Items listed in a dataset
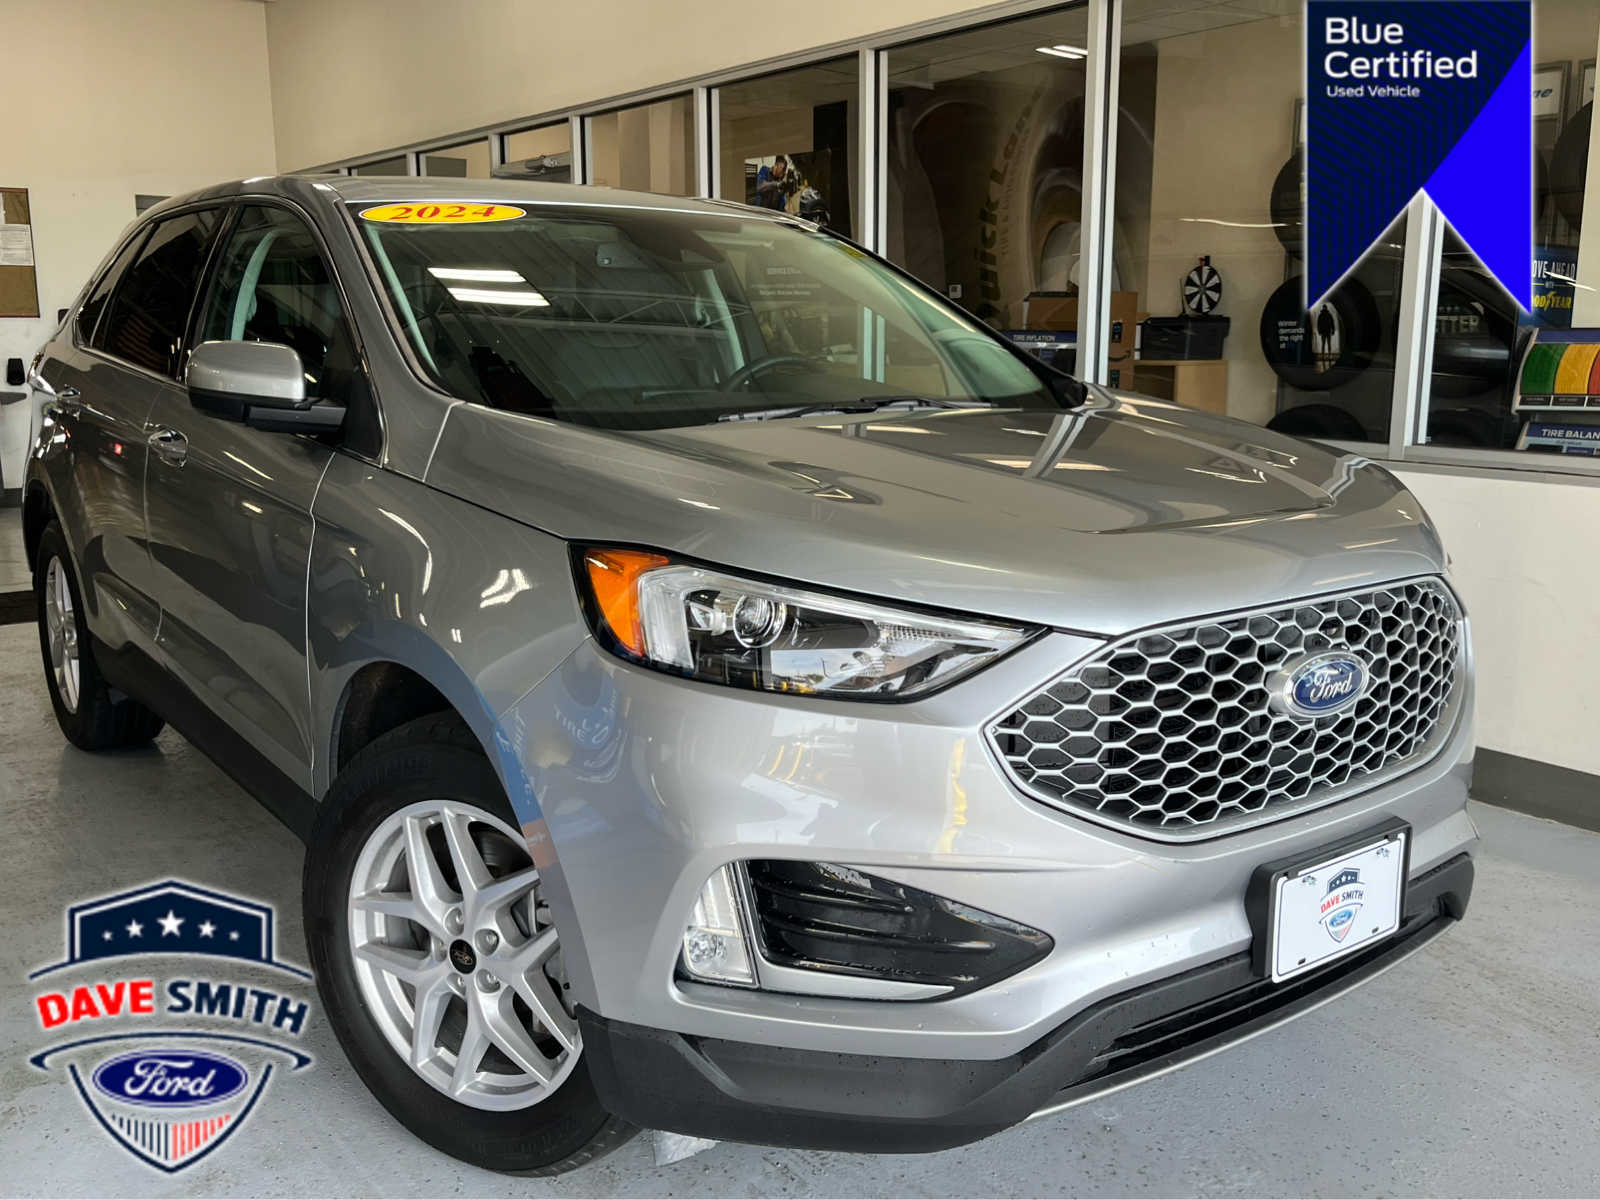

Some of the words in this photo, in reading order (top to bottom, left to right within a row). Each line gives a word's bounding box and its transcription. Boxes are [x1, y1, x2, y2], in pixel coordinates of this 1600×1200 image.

[389, 206, 496, 220] 2024
[1531, 260, 1549, 278] OVE
[1541, 428, 1565, 438] TIRE
[1309, 666, 1353, 702] Ford
[1320, 894, 1341, 914] DAVE
[1341, 890, 1363, 902] SMITH
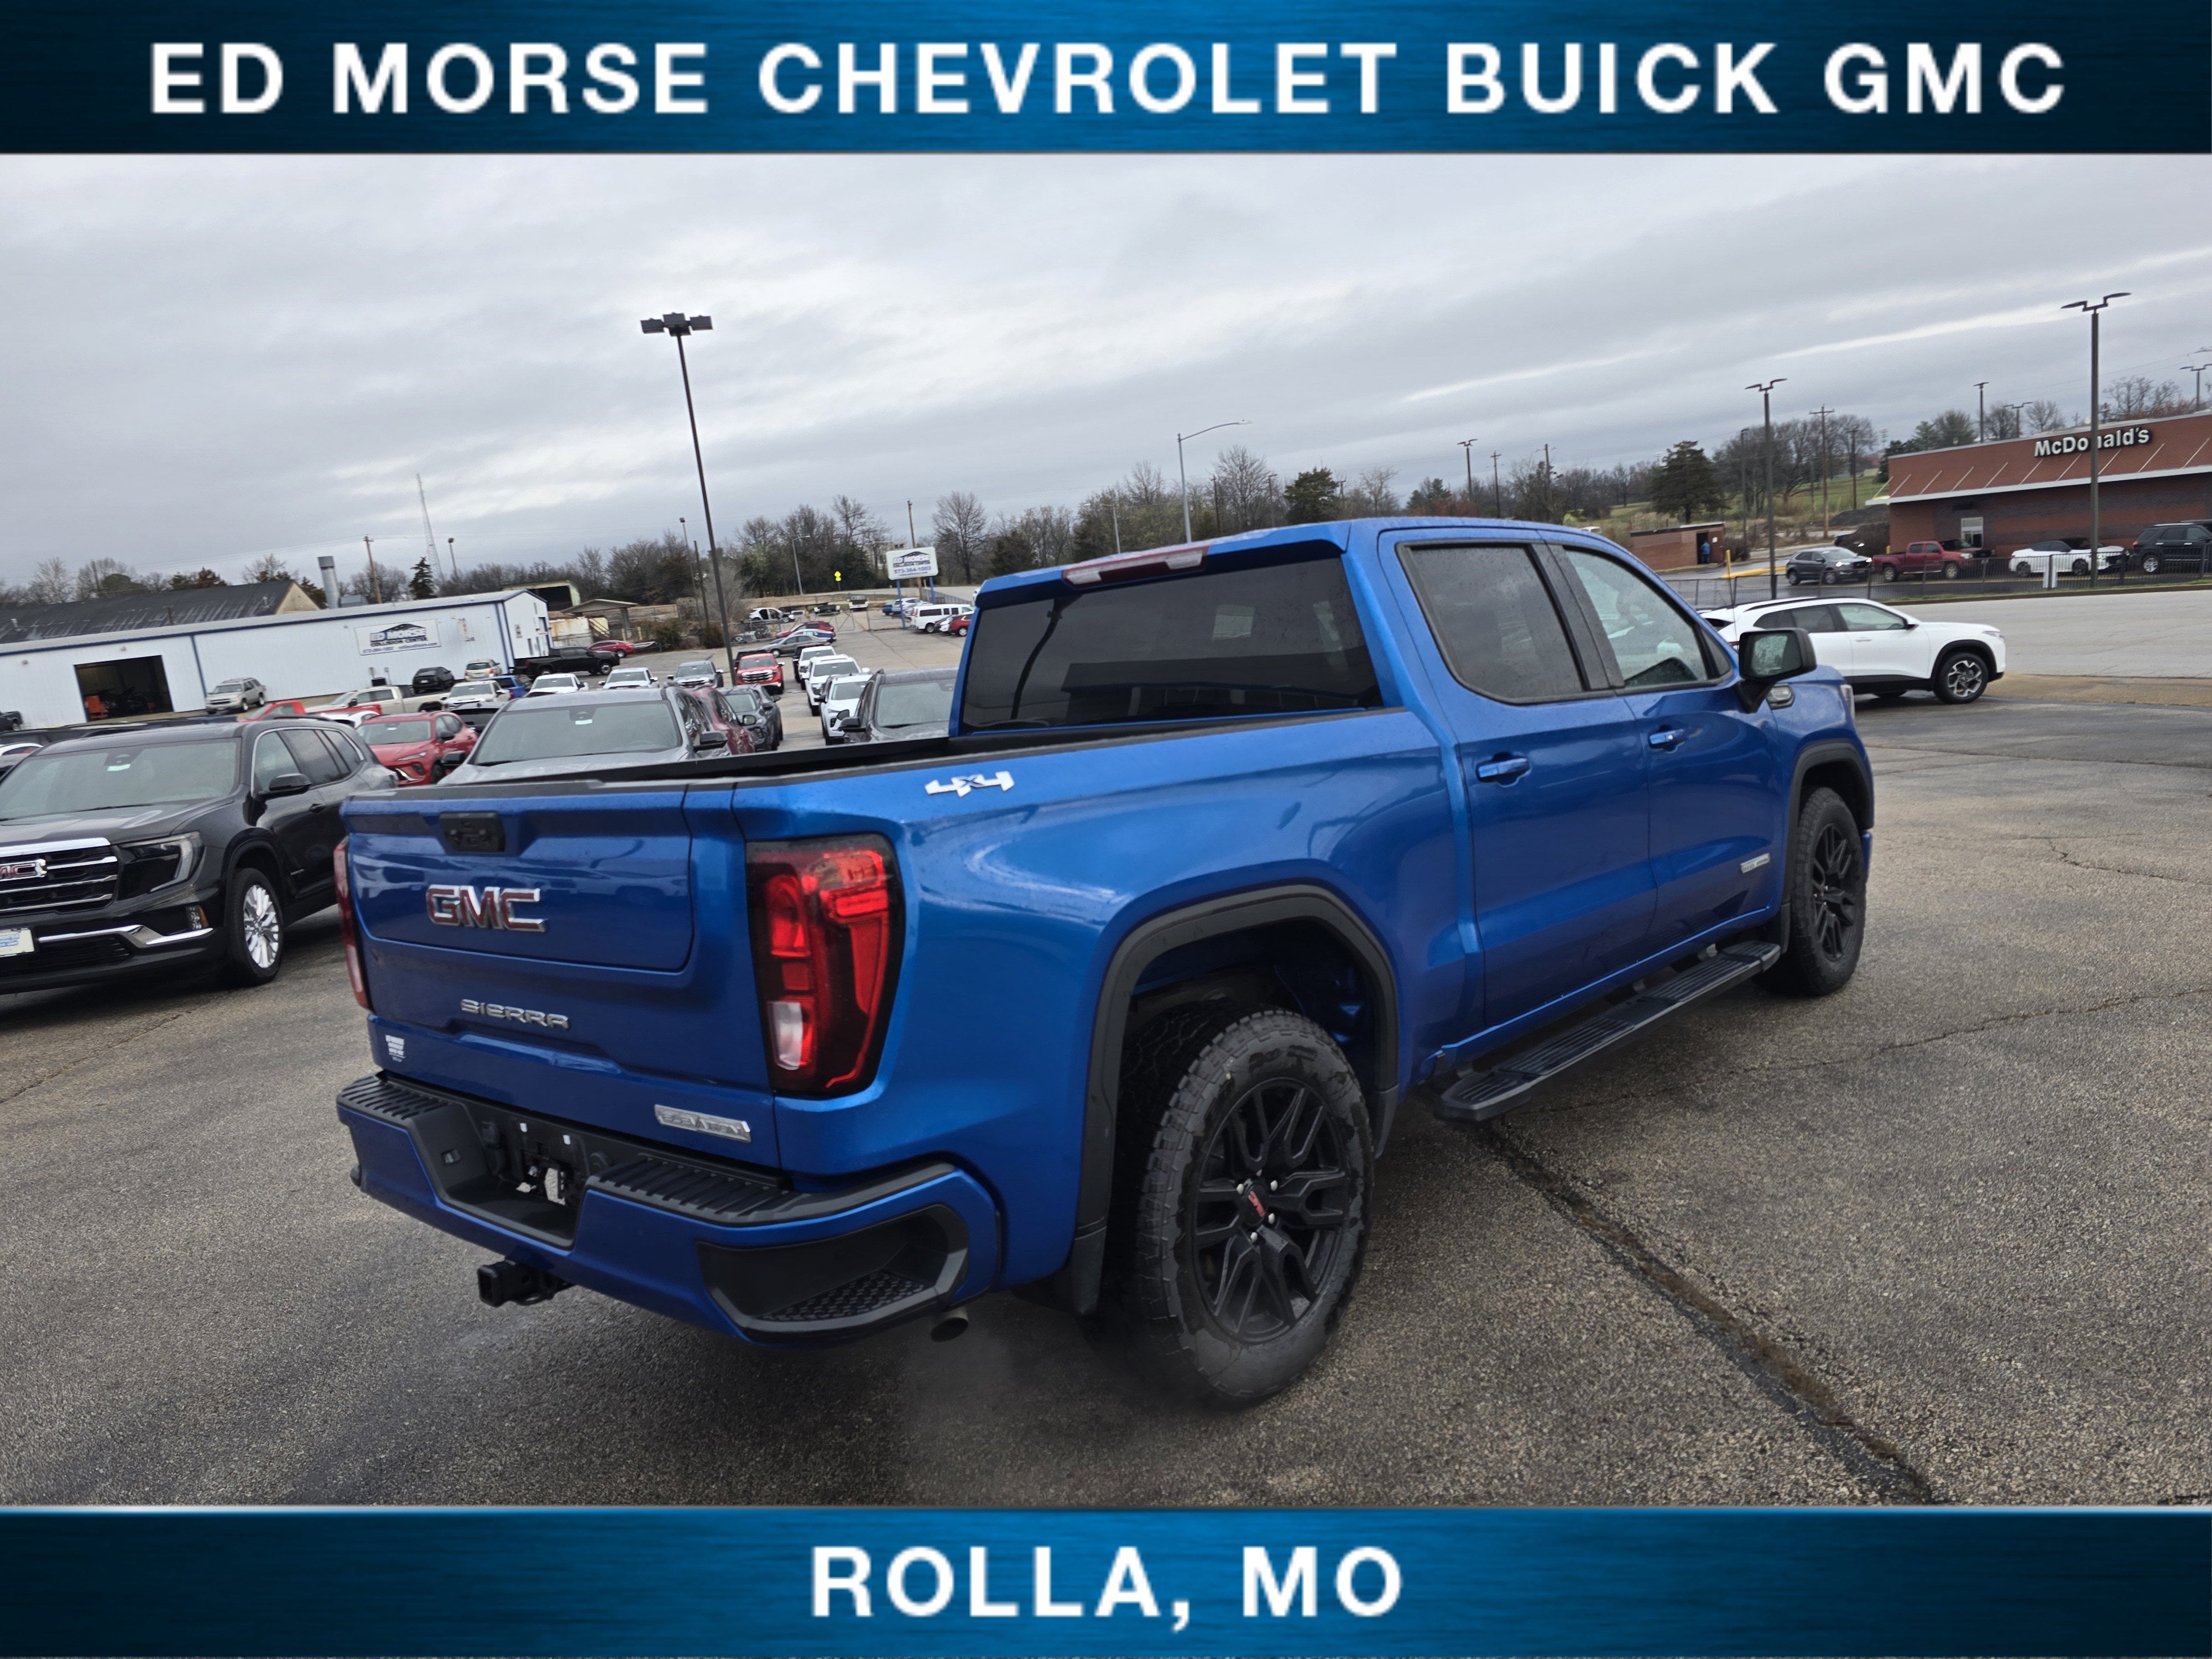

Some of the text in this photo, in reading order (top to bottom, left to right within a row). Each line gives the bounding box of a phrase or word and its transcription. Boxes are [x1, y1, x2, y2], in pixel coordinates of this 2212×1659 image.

> [TASK INSTRUCTIONS] Restate every record exactly, please; do not copy the pictures.

> [ANSWER TO THE EXERCISE]
Some of the words in this photo, in reading order (top to bottom, left to right within a row). Each line gives a word's bounding box and its transcription. Boxes are [x1, y1, x2, y2], in pixel coordinates of this 1600×1200 image.

[389, 206, 496, 220] 2024
[1531, 260, 1549, 278] OVE
[1541, 428, 1565, 438] TIRE
[1309, 666, 1353, 702] Ford
[1320, 894, 1341, 914] DAVE
[1341, 890, 1363, 902] SMITH

Some of the text in this photo, in reading order (top to bottom, left to right within a row). Each line gives the bounding box of a phrase or word and its transcription. Boxes are [x1, y1, x2, y2], in pixel coordinates of this 2212×1659 image.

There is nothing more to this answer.